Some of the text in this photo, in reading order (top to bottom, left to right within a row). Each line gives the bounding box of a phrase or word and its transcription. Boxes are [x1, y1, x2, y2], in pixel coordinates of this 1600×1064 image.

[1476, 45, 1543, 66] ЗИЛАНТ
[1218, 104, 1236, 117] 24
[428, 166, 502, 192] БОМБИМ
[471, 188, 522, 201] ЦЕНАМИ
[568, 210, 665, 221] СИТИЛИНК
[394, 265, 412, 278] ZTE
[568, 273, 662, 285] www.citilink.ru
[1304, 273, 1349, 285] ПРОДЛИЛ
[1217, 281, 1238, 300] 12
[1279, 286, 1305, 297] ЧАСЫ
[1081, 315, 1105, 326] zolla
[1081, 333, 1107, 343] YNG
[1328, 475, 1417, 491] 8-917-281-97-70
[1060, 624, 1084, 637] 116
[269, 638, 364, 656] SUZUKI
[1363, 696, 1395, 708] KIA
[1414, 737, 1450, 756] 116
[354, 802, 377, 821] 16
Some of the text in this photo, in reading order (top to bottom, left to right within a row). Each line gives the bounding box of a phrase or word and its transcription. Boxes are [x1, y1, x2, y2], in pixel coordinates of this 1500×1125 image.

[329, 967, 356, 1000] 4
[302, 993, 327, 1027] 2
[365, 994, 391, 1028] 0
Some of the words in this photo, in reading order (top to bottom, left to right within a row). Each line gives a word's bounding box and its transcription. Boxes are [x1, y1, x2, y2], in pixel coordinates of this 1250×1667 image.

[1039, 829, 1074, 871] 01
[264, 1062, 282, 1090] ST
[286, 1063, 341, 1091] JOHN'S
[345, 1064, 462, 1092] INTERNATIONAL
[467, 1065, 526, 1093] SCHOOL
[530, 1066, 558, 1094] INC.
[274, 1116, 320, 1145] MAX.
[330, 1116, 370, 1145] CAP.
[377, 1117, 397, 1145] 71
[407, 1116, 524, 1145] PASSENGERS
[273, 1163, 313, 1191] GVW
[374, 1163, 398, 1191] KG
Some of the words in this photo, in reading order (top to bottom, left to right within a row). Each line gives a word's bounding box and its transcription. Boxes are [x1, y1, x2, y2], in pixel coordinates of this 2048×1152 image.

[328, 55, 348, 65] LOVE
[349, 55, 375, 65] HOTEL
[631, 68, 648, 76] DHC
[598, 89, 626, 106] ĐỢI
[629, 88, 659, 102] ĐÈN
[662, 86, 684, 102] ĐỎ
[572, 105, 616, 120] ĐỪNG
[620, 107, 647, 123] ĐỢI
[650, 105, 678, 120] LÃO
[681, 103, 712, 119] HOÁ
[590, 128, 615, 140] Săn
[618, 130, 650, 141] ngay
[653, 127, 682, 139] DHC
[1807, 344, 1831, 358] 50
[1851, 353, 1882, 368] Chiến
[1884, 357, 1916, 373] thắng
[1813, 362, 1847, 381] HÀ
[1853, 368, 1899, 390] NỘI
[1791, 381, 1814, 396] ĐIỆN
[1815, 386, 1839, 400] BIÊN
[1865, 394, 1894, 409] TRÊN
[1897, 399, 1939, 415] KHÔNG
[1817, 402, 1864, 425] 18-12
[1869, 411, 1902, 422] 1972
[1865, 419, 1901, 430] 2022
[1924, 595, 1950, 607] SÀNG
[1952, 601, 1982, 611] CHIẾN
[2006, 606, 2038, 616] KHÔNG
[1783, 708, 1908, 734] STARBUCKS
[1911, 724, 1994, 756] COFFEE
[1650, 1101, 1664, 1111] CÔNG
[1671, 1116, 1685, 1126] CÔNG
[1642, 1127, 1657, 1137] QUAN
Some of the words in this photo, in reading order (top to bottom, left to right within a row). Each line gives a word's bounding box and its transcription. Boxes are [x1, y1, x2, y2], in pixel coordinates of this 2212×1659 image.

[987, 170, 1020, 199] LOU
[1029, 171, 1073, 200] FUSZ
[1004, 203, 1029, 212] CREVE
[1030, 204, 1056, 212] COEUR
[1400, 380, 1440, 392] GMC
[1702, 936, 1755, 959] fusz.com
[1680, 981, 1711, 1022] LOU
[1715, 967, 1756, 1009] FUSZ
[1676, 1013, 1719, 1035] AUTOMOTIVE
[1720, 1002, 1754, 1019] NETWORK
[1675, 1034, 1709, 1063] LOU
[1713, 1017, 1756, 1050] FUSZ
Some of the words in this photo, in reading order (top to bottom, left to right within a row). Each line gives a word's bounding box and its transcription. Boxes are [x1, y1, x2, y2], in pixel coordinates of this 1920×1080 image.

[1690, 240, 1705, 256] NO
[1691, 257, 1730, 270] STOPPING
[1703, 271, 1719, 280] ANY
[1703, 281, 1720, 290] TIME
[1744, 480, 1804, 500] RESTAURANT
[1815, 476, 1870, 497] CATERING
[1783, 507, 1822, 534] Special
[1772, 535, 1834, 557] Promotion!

---

EXERCISE GOAL:
Your task is to retype, exactly and only, the lines from the one with "this 1920×1080 image." through the final line above.

EXPECTED ANSWER:
Some of the words in this photo, in reading order (top to bottom, left to right within a row). Each line gives a word's bounding box and its transcription. Boxes are [x1, y1, x2, y2], in pixel coordinates of this 1920×1080 image.

[1690, 240, 1705, 256] NO
[1691, 257, 1730, 270] STOPPING
[1703, 271, 1719, 280] ANY
[1703, 281, 1720, 290] TIME
[1744, 480, 1804, 500] RESTAURANT
[1815, 476, 1870, 497] CATERING
[1783, 507, 1822, 534] Special
[1772, 535, 1834, 557] Promotion!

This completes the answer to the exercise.